Perennials For Years Of Pleasure

Whereas trees and shrubs form the backbone of the garden, perennials introduce added shape and structure, so they are essential features in all gardens. They can be used and combined in numerous ways, being both decorative and versatile. For instance, some perennials are evergreen so they retain their decorative appeal in winter, and others produce beautiful flowers for cutting. As you see, perennials are an asset to any garden.

Characteristics

Perennials have herbaceous stems. It is best to remove these before winter sets in. During winter the roots of the plant lie dormant under the ground.

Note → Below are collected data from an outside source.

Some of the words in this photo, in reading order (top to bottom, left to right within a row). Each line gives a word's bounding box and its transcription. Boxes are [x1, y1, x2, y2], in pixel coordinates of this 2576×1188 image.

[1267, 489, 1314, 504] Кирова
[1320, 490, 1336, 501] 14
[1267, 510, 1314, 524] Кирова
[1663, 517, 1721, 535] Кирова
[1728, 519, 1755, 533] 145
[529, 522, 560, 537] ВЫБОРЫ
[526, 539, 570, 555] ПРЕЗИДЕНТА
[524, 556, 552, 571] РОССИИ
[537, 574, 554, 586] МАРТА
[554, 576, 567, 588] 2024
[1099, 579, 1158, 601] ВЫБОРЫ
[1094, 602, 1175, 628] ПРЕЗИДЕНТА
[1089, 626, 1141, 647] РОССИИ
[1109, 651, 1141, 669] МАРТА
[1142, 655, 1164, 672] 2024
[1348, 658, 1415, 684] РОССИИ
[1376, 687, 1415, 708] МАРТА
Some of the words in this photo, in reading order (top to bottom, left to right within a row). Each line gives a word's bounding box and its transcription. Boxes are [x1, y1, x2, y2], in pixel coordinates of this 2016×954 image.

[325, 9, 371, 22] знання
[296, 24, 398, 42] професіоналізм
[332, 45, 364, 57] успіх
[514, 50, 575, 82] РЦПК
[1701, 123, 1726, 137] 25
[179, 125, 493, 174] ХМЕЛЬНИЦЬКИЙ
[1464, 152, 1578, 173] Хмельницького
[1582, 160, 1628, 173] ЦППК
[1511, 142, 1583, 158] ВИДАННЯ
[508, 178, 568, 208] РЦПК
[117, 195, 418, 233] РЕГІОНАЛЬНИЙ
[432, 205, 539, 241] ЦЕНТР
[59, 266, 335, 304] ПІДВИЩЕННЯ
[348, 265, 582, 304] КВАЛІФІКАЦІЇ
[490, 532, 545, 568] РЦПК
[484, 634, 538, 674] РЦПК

The new stems that appear in spring have magnificent decorative leaves, and many varieties also flower in great abundance for a long time.

Soil and nutrition

Good nutrition and good soil are important factors affecting the quality of perennials. After all, a good basis is generally a guarantee for good results. Treat the soil with a mixture of cow manure and compost to make sure your plants have sufficient nutrition.

  • Sandy soil. If your garden has sandy soil, dig some compost into the topsoil. This will enable the soil to absorb and retain more water and will make the soil more compact.
  • Clay soil. In order to ensure that roots are not starved of oxygen in this soil, you could mix the subsoil with compost too. This makes the soil much lighter.

Position

All perennials have their own preference as regards position. Some plants thrive in partial shade, whereas others have a strong preference for sunshine. Of course, you could create suitable conditions yourself - for instance, by planting a tall shrub next to a perennial that likes (partial) shade.